◆ Required action ◆
Your copy of the data should match it exactly, leaving out only the pictures.

[Start of section]

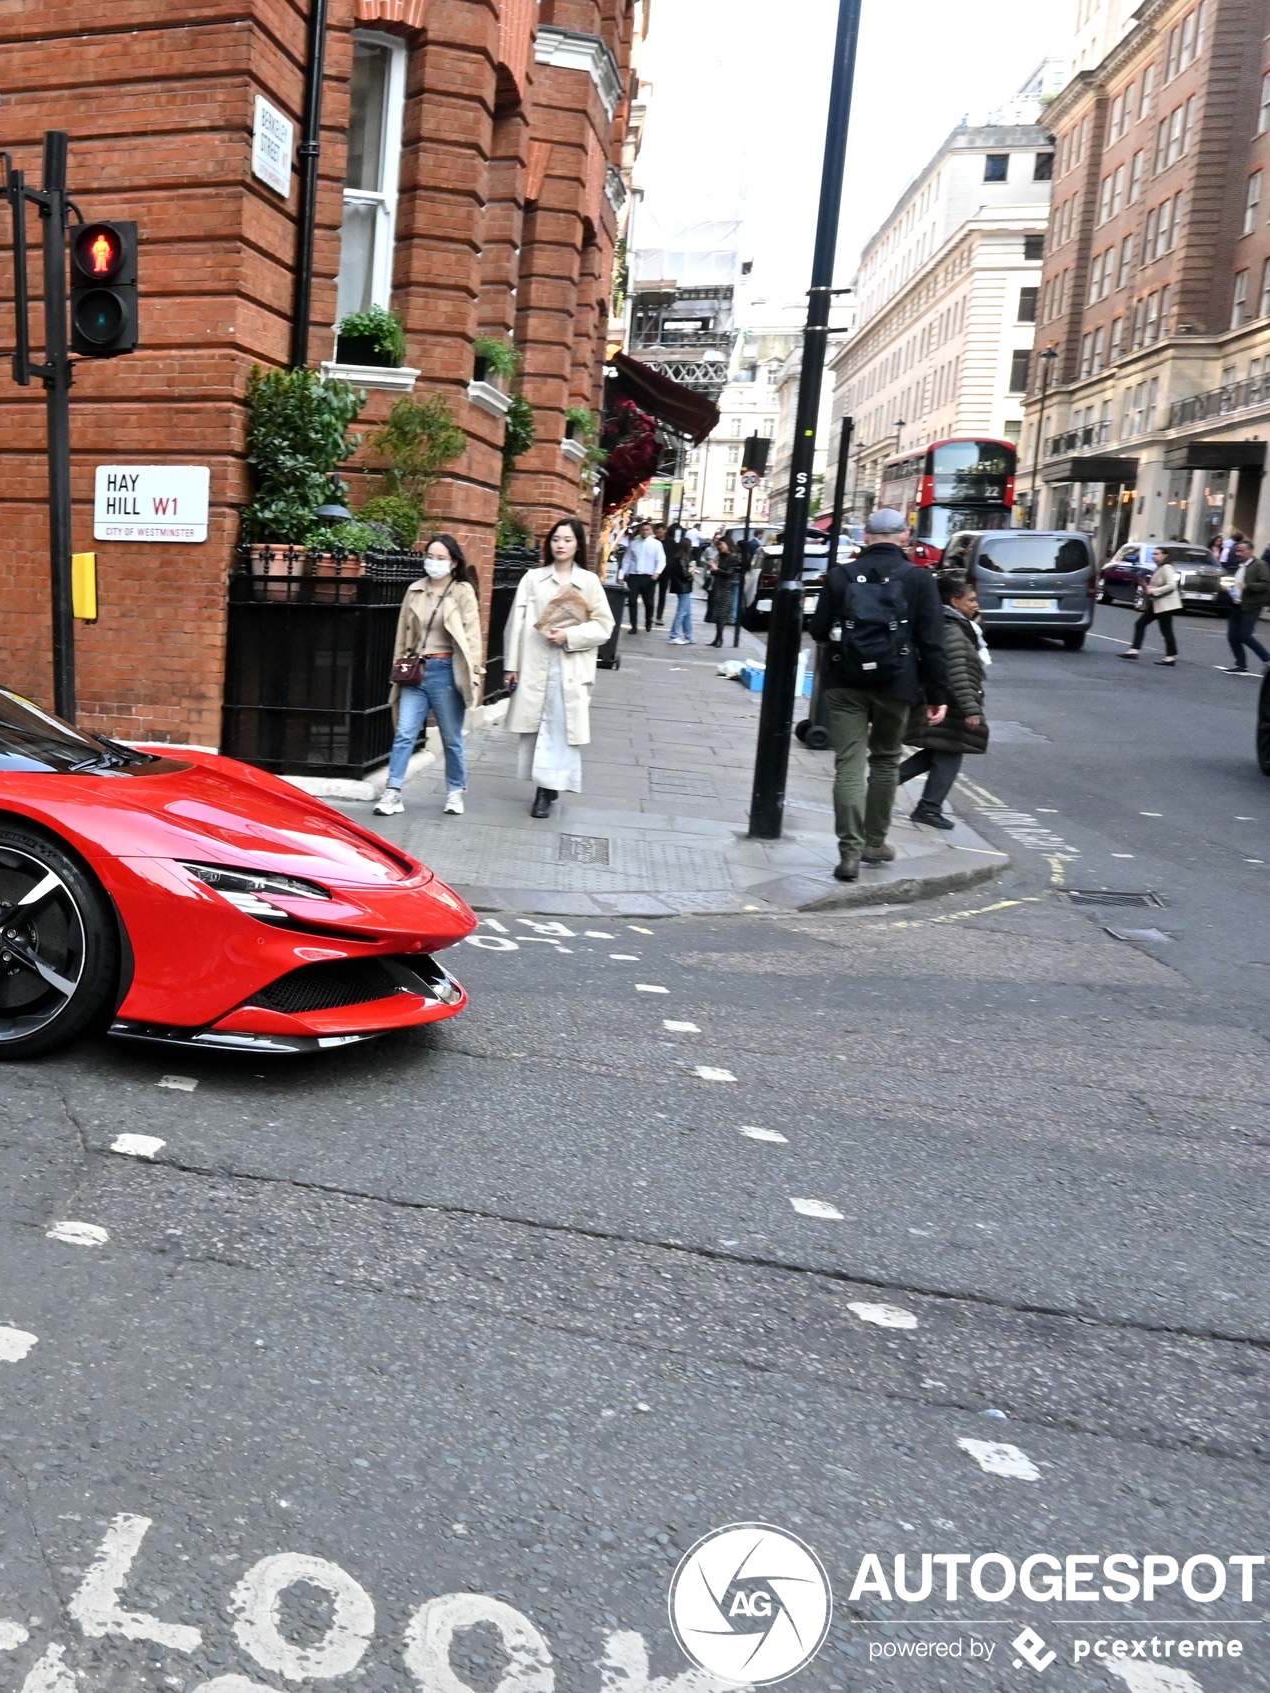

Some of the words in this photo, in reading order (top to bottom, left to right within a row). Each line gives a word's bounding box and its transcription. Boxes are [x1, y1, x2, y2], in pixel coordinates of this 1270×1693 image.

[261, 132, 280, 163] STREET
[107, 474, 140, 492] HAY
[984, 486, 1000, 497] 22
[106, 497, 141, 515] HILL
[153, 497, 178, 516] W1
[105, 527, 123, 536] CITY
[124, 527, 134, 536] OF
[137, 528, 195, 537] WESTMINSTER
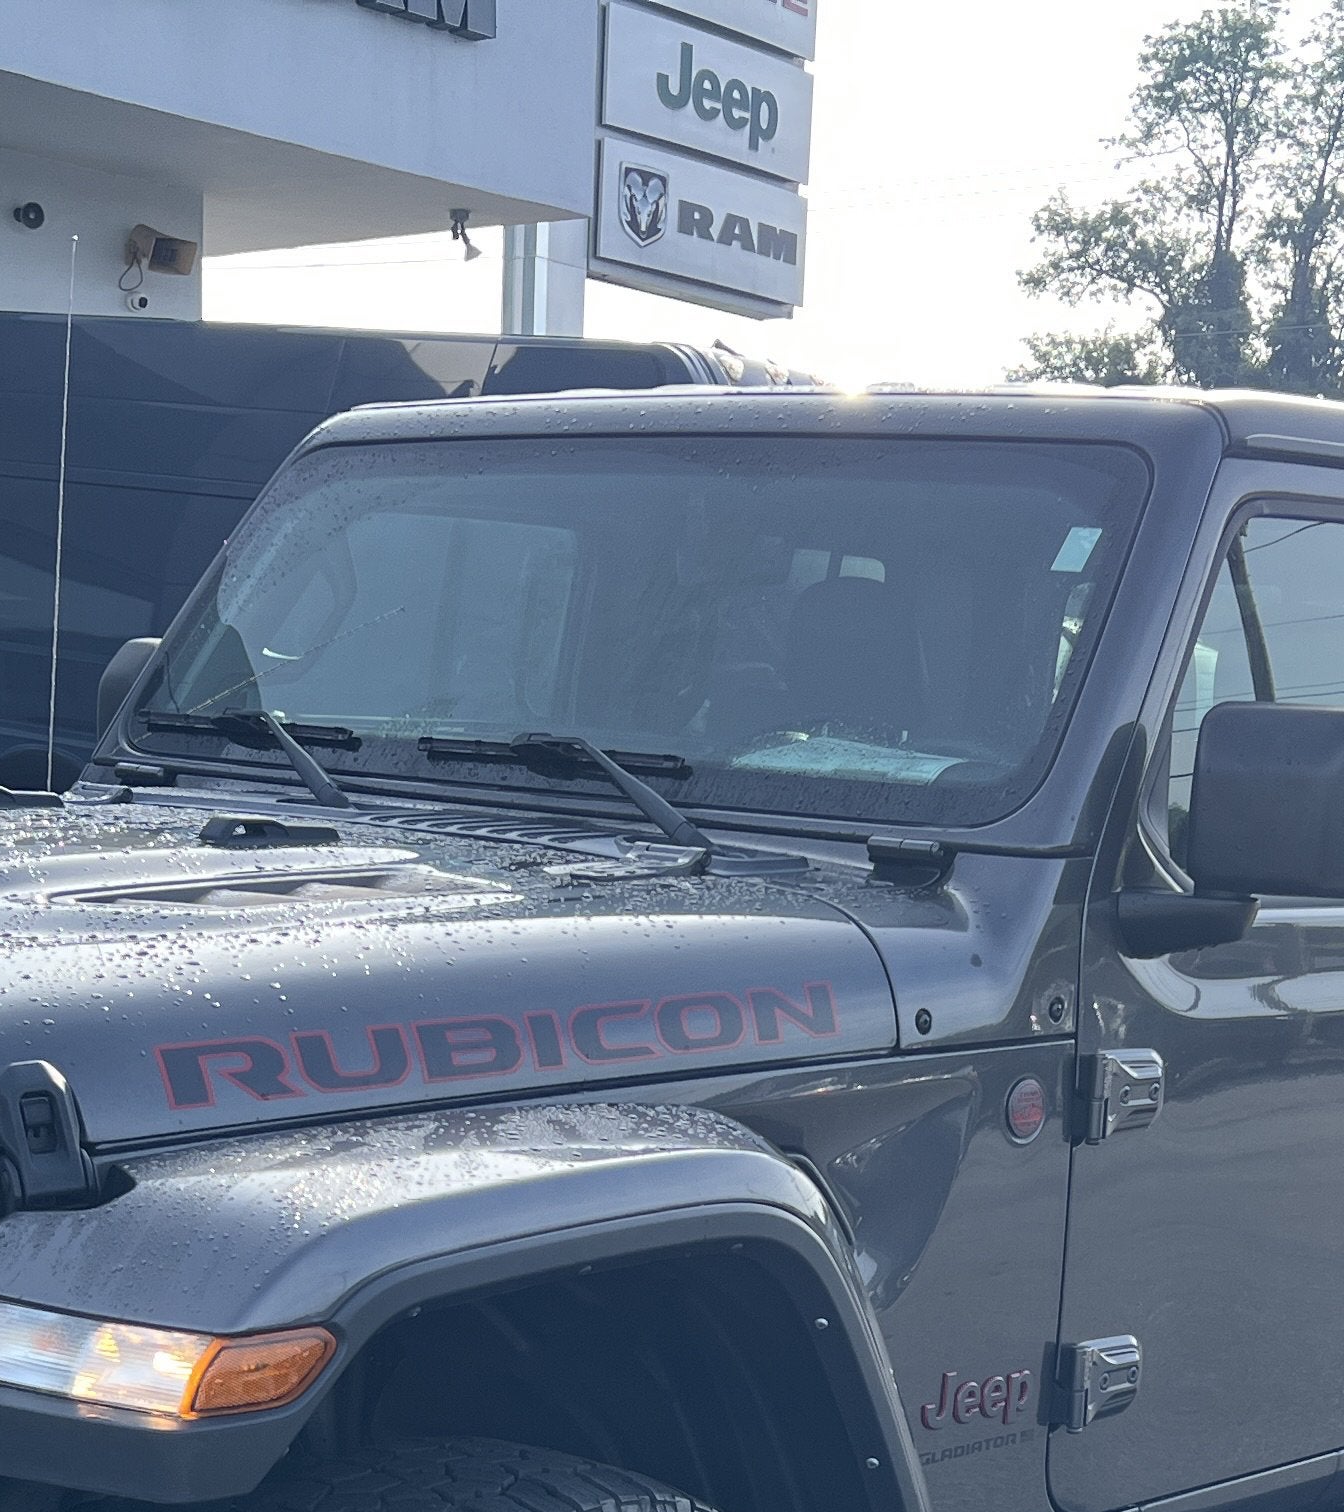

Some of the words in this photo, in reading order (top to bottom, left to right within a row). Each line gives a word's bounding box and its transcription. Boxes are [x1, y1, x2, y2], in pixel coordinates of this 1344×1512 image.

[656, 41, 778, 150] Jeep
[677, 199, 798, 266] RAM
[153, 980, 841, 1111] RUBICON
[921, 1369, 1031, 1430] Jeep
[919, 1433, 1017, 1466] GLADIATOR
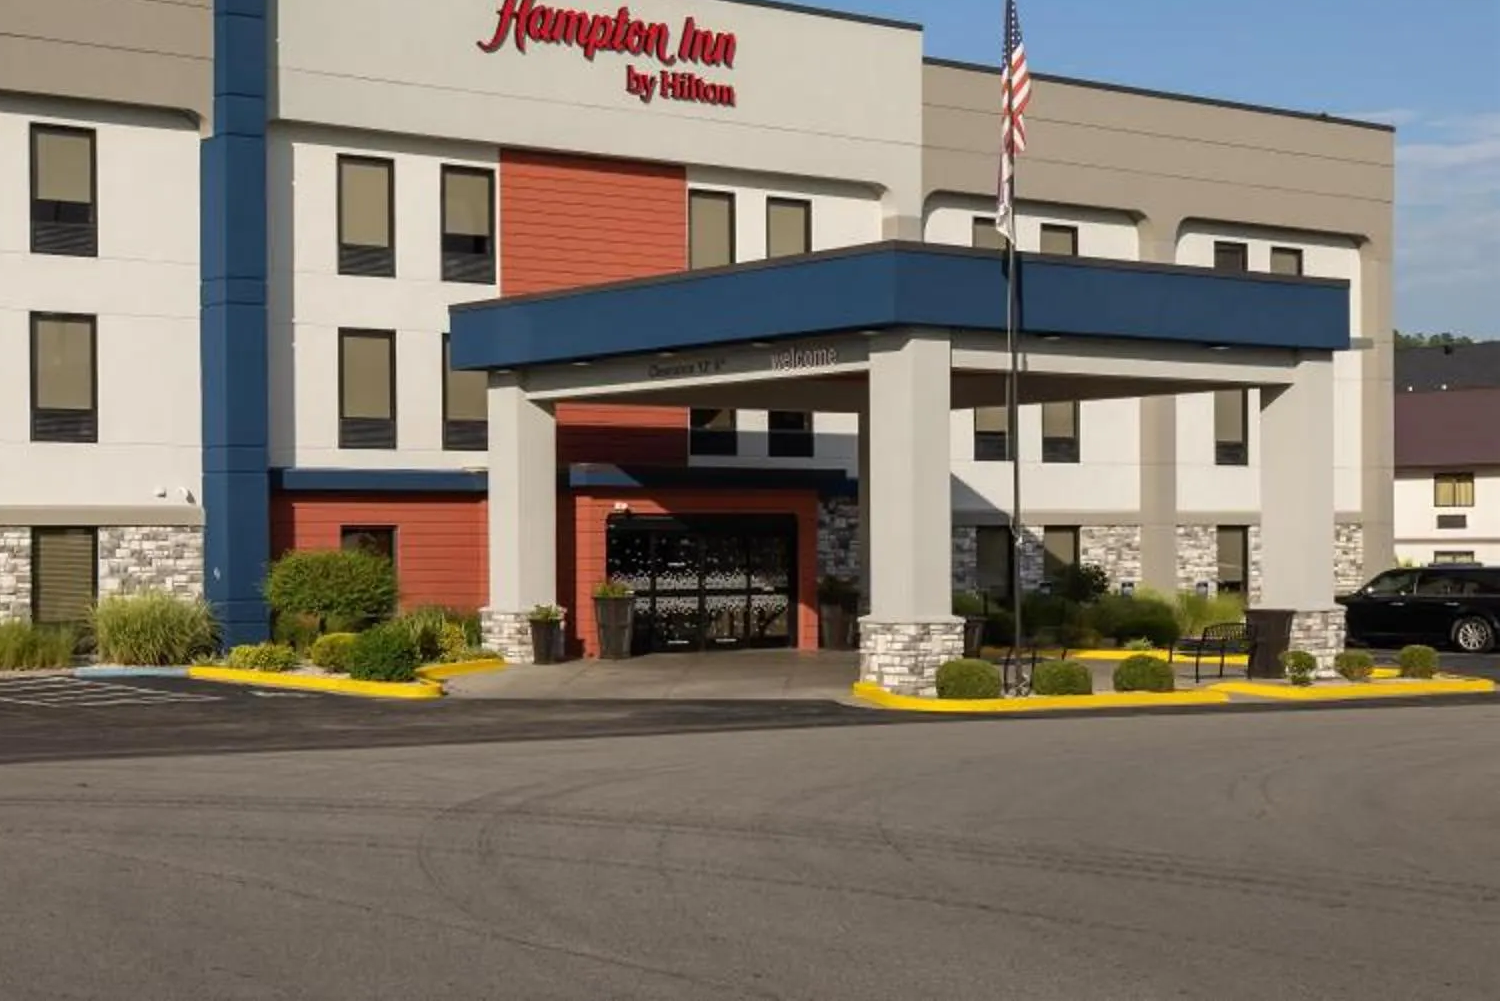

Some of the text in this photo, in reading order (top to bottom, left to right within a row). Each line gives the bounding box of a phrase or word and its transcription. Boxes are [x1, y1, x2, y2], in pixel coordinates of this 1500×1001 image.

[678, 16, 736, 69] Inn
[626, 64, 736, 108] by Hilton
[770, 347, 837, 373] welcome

[End of section]

◆ Answer to the problem ◆
Some of the words in this photo, in reading order (top to bottom, left to right within a row). Each line gives a word's bounding box and its transcription. Boxes are [x1, y1, x2, y2], in pixel coordinates of this 1270×1693 image.

[261, 132, 280, 163] STREET
[107, 474, 140, 492] HAY
[984, 486, 1000, 497] 22
[106, 497, 141, 515] HILL
[153, 497, 178, 516] W1
[105, 527, 123, 536] CITY
[124, 527, 134, 536] OF
[137, 528, 195, 537] WESTMINSTER

Some of the words in this photo, in reading order (top to bottom, left to right within a row). Each line gives a word's bounding box and its transcription. Boxes are [x1, y1, x2, y2], in pixel coordinates of this 1344×1512 image.

[656, 41, 778, 150] Jeep
[677, 199, 798, 266] RAM
[153, 980, 841, 1111] RUBICON
[921, 1369, 1031, 1430] Jeep
[919, 1433, 1017, 1466] GLADIATOR

Some of the text in this photo, in reading order (top to bottom, left to right within a row). Each line gives the bounding box of a phrase or word and its transcription. Boxes are [x1, y1, x2, y2], in pixel coordinates of this 1500×1001 image.

[678, 16, 736, 69] Inn
[626, 64, 736, 108] by Hilton
[770, 347, 837, 373] welcome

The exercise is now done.